Maintenance-of-Effort Requirements
MOE requirements are provisions of law that aim to prevent state and local governments from using federal funds to replace funds that states and localities would otherwise have used to pay for that program. MOE requirements take on a number of different forms, depending on the program. For instance, to receive their full allocation of Title I funds for the education of disadvantaged children each year, a local education agency must have spent on primary and secondary education in the preceding year at least 90 percent of what it spent the year before that from nonfederal sources. Although federal highway grants do not typically include MOE requirements, additional highway funding provided in ARRA was accompanied by a requirement that states spend at least what they had planned to before that legislation was enacted. That provision was meant to ensure that the ARRA highway grants provided additional funding rather than simply replace state spending that had already been planned. In the case of Medicaid, the ACA includes an MOE requirement that calls for states to keep their eligibility criteria unchanged for adults participating in Medicaid until 2014 and for children participating in Medicaid and CHIP until 2019. TANF requires that states spend at least 75 percent of what they spent from state funds in 1994 on AFDC and its other predecessor programs.

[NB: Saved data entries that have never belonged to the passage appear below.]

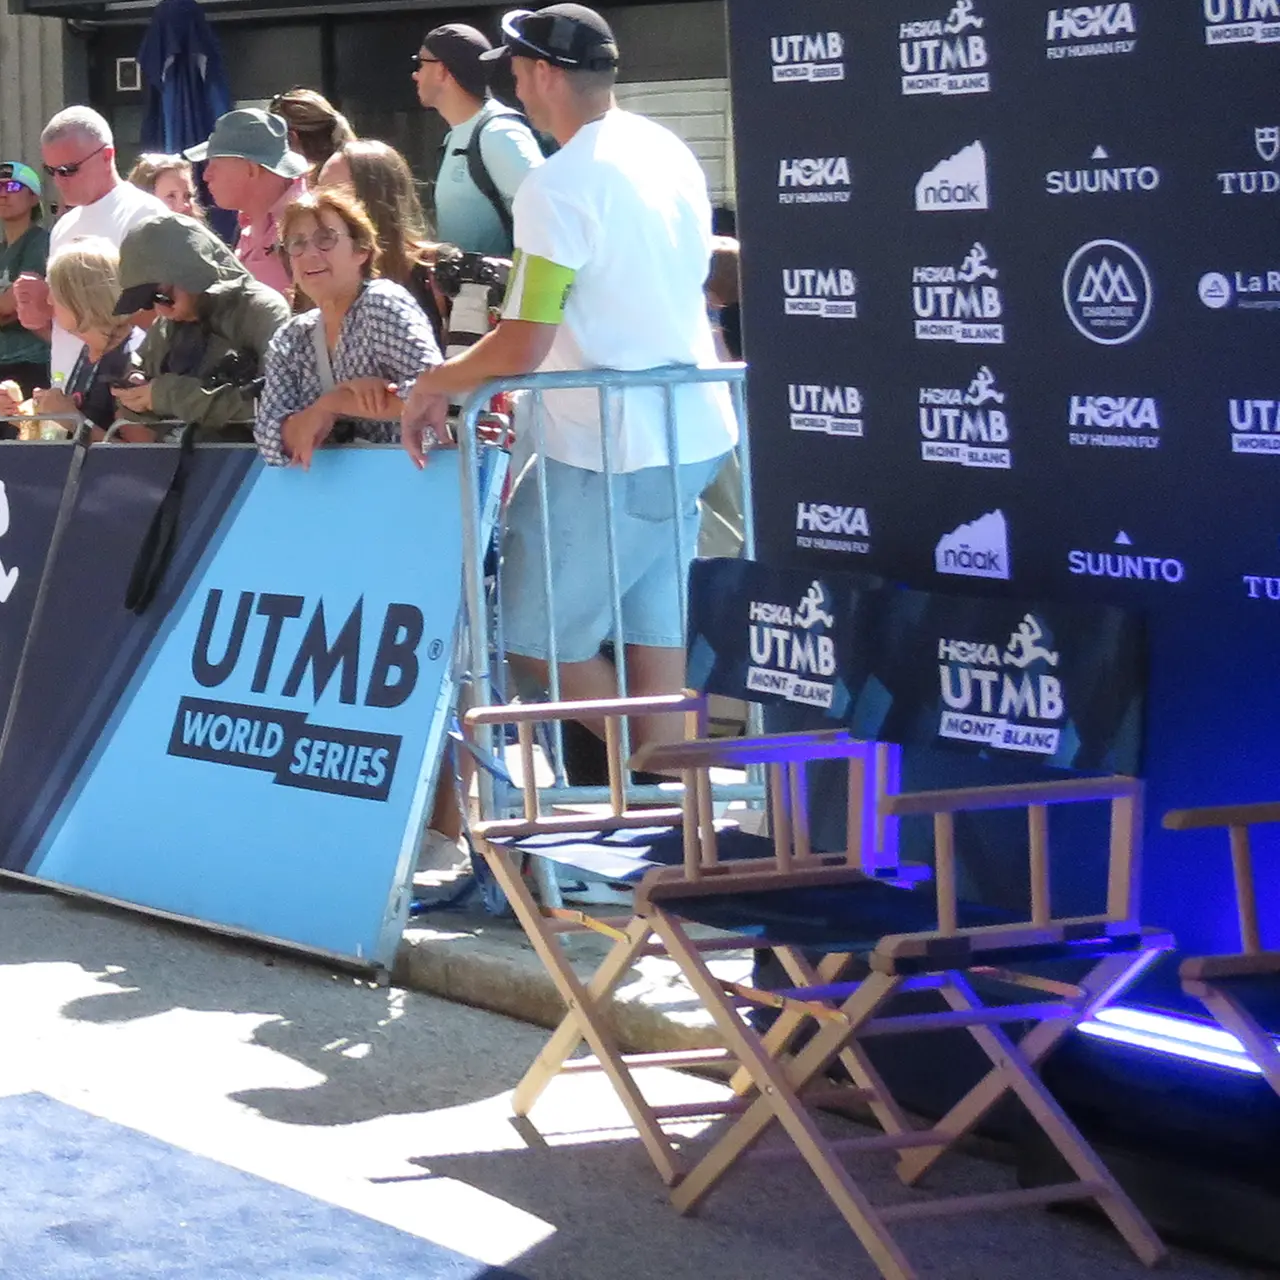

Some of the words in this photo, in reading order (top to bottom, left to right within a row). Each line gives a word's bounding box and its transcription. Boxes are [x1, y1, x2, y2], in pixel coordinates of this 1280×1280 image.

[899, 20, 943, 39] HOKA
[1046, 2, 1136, 40] HOKA
[771, 32, 843, 63] UTMB
[899, 35, 988, 73] UTMB
[778, 156, 851, 187] HOKA
[1045, 166, 1160, 194] SUUNTO
[924, 180, 980, 204] näak
[782, 269, 856, 296] UTMB
[912, 266, 956, 283] HOKA
[1235, 271, 1262, 293] La
[912, 285, 1002, 318] UTMB
[788, 384, 861, 414] UTMB
[919, 388, 963, 405] HOKA
[919, 407, 1009, 442] UTMB
[1068, 396, 1160, 429] HOKA
[1229, 399, 1280, 432] UT
[796, 502, 870, 536] HOKA
[944, 543, 1001, 571] näak
[1068, 550, 1185, 583] SUUNTO
[749, 601, 792, 626] HOKA
[190, 588, 425, 710] UTMB
[749, 625, 836, 676] UTMB
[938, 638, 1002, 666] HOKA
[940, 664, 1063, 720] UTMB
[180, 709, 284, 760] WORLD
[287, 735, 390, 788] SERIES
[946, 717, 1056, 749] MONT-BLANC

Those MOE requirements could be viewed as unfair to states that were already spending their own money to meet a goal that the federal government is promoting through the grant program. Such states would have to continue to make a larger financial contribution to satisfy the MOE requirement than other states that had not already been spending their own money to pursue the federal priority. In addition, to the extent that multiple federal intergovernmental grants have stringent MOE requirements, the cumulative effect of those requirements on a state’s budget may be substantial, constraining
the state’s ability to use its funds in a manner that addresses its own current priorities. Alternatively, such requirements may be considered a way to recognize the differences in states’ willingness or ability to pay to reach a federal goal. Federal grant programs may make exceptions to MOE requirements if state or local governments suffer sudden, severe revenue contractions; for instance, both the Title I and Medicaid programs permit states to appeal for some relief from MOE requirements under certain circumstances.